Turning now to FIG. 3B, a block diagram of a transformer model 310 is shown. In the illustrated embodiment, transformer model 310 begins with a positional encoding step 311. In various embodiments, transformer model 310 processes input payload embeddings in parallel and thus to preserve their ordering, adds positional encodings to the input payload embeddings. Accordingly, in positional encoding step 311, transformer model 310 encodes, for a payload embedding, positional information describing that embedding's position within a sequence of payload embeddings based on its timestamp. As an example, the unique positional encoding associated with a particular payload embedding may indicate that the particular payload is the third payload in a sequence of payloads and thus is associated with timestamp t₃. The positional encoding allows for transformer model 310 to distinguish the ordering of payload embeddings when using parallel computation. After producing a positional aware payload embeddings, transformer model 310 proceeds to a self-attention step 312.

In step 312, transformer model 310 uses a neural network and attention mechanism (e.g., a self-attention layer) to determine which payload embeddings in a sequence of payload embeddings are the most important towards bot detection, resulting in weighted embeddings. The self-attention layer weighs the importance of each payload embedding in an input sequence and adjusts their influence on the output embedding. For example, the self-attention layer is used to evaluate each payload embedding (and thus its payload) relative to the other payload embeddings within the sequence and assigns a set of weights (e.g., numerical values) to each payload embedding based on the embedding's determined level of importance towards bot detection. In some embodiments, the set of weights may be initialized randomly and are updated as the model learns to extract dependencies from the payload embeddings through a training process (e.g., backpropagation). Backpropagation, in various embodiments, is used to update each weighted value to minimize prediction error. If the attention layer determines that a payload embedding is more important, then the payload embedding, in various embodiments, is assigned a higher value. In contrast, the attention layer assigns a lower value to payload embeddings that are considered less important. The self-attention layer may produce a more context-aware embedding that captures linear relationships between payload embeddings in the sequence. After generating a set of weighted embeddings, transformer model 310 proceeds with add and normalization step 313.

In step 313, transformer model 310 adds the original input of the self-attention layer to the output of the self-attention layer, using a residual connection. A residual connection, in various embodiments, allows the output from one layer (e.g., output from step 311) to skip one or more layers in transformer model 310 and is used to improve training by mitigating a vanishing gradient problem during backpropagation. After summing the resulting embeddings, in various embodiments, transformer model 310 normalizes those embeddings by scaling the magnitude of the embeddings to fit withing a numerical range. For example, transformer model 310 may scale an embedding so that the mean of the embedding is 0 with a standard deviation of 1. Transformer model 310 may also normalize the embeddings using normalizing techniques such as layer normalization. After normalizing the embeddings, transformer model 310 proceeds with dense layer step 314.

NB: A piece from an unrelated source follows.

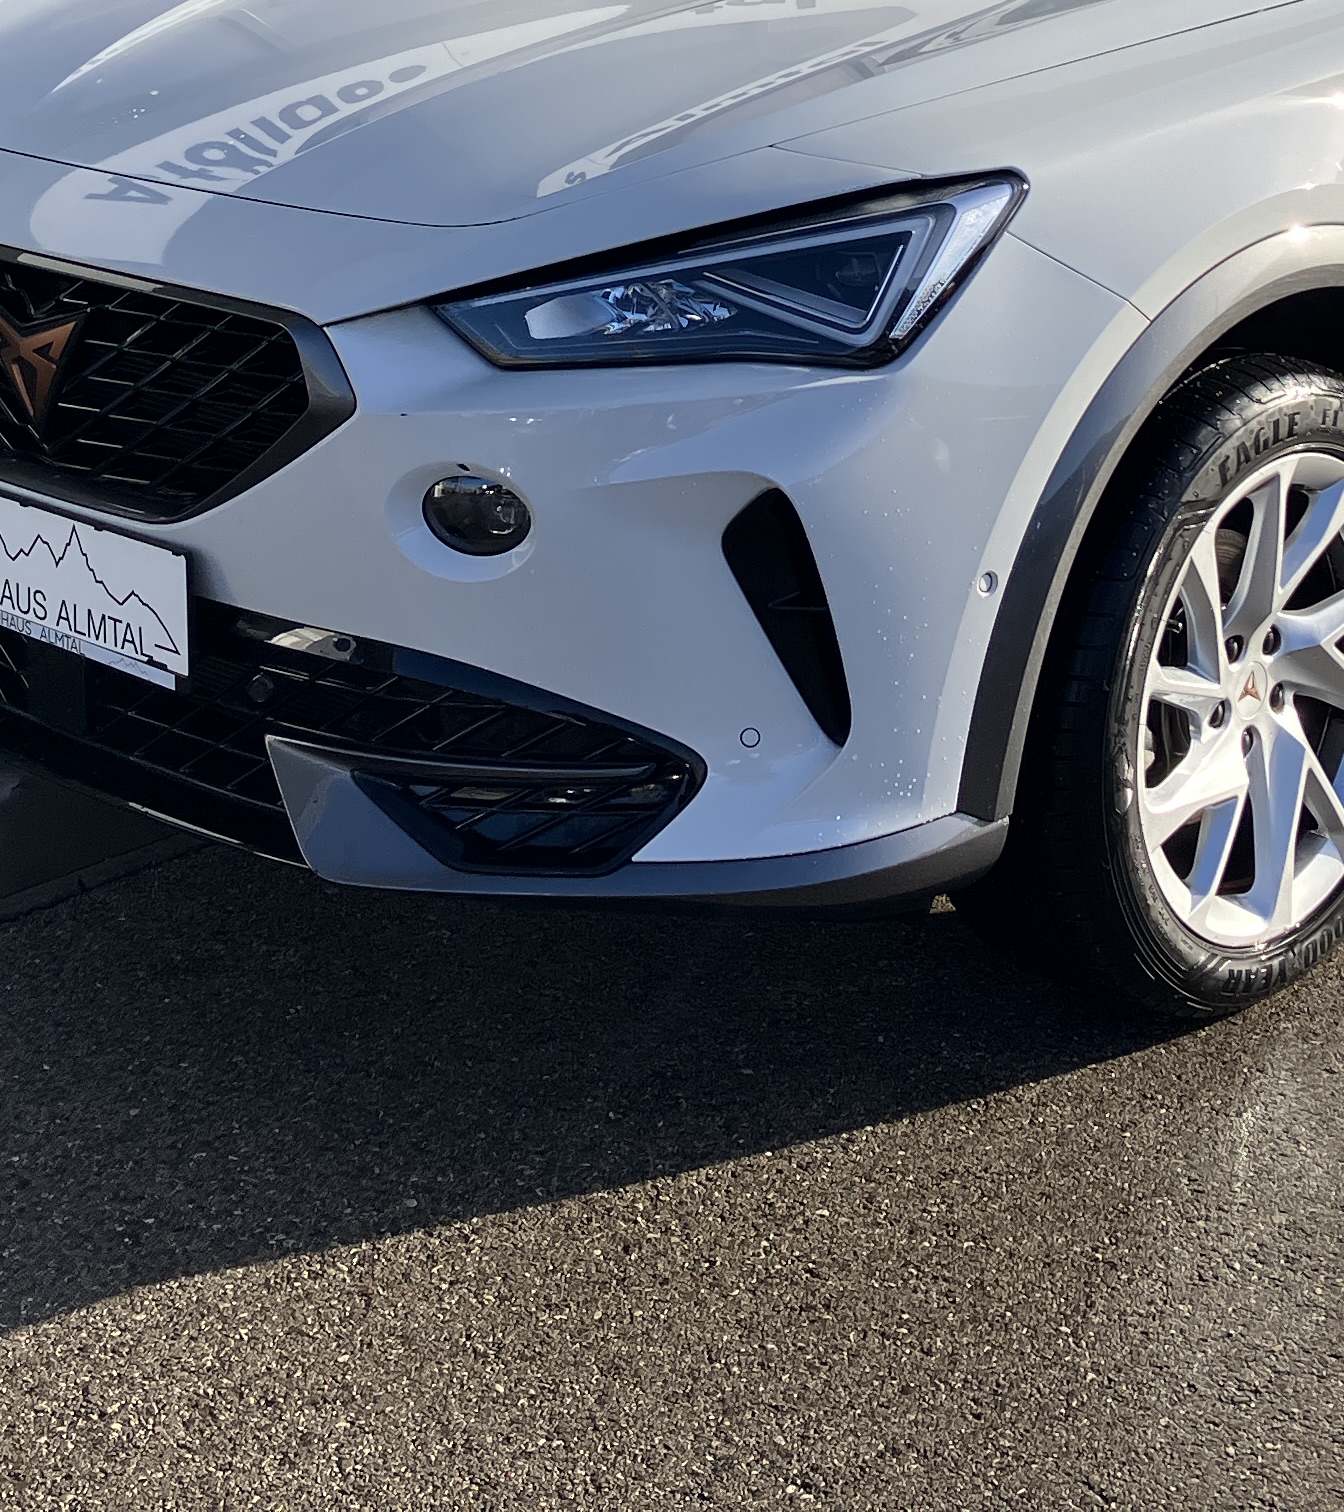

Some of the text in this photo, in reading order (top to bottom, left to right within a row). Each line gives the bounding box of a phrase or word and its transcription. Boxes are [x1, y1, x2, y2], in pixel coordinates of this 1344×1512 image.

In step 314, transformer model 310 uses a neural network (e.g., a dense layer) to introduce non-linear transformations to the embeddings, using an activation function (e.g., Rectified Linear Unit). A dense layer, in various embodiments, is a layer where all the nodes in the layer of the neural network connect to all the nodes in the previous layer, and an activation function determines if the node in the neural network is activated based on an activation value. For example, the node of a neural network may activate if the activation value from the activation function is a positive value. Otherwise, the node of the neural network with a negative value will not activate and thus will not produce an output. By introducing non-linear transformations, transformer model 310 identifies non-linear relationships within time-series data 110. After step 314, transformer model 310 proceeds with another add and normalization step 315. In step 315, transformer model 310 uses another residual connection to add the output of step 313 with the output of step 314. As previously discussed in step 312, the summed vectors are normalized, resulting in weighted payload embedding 320.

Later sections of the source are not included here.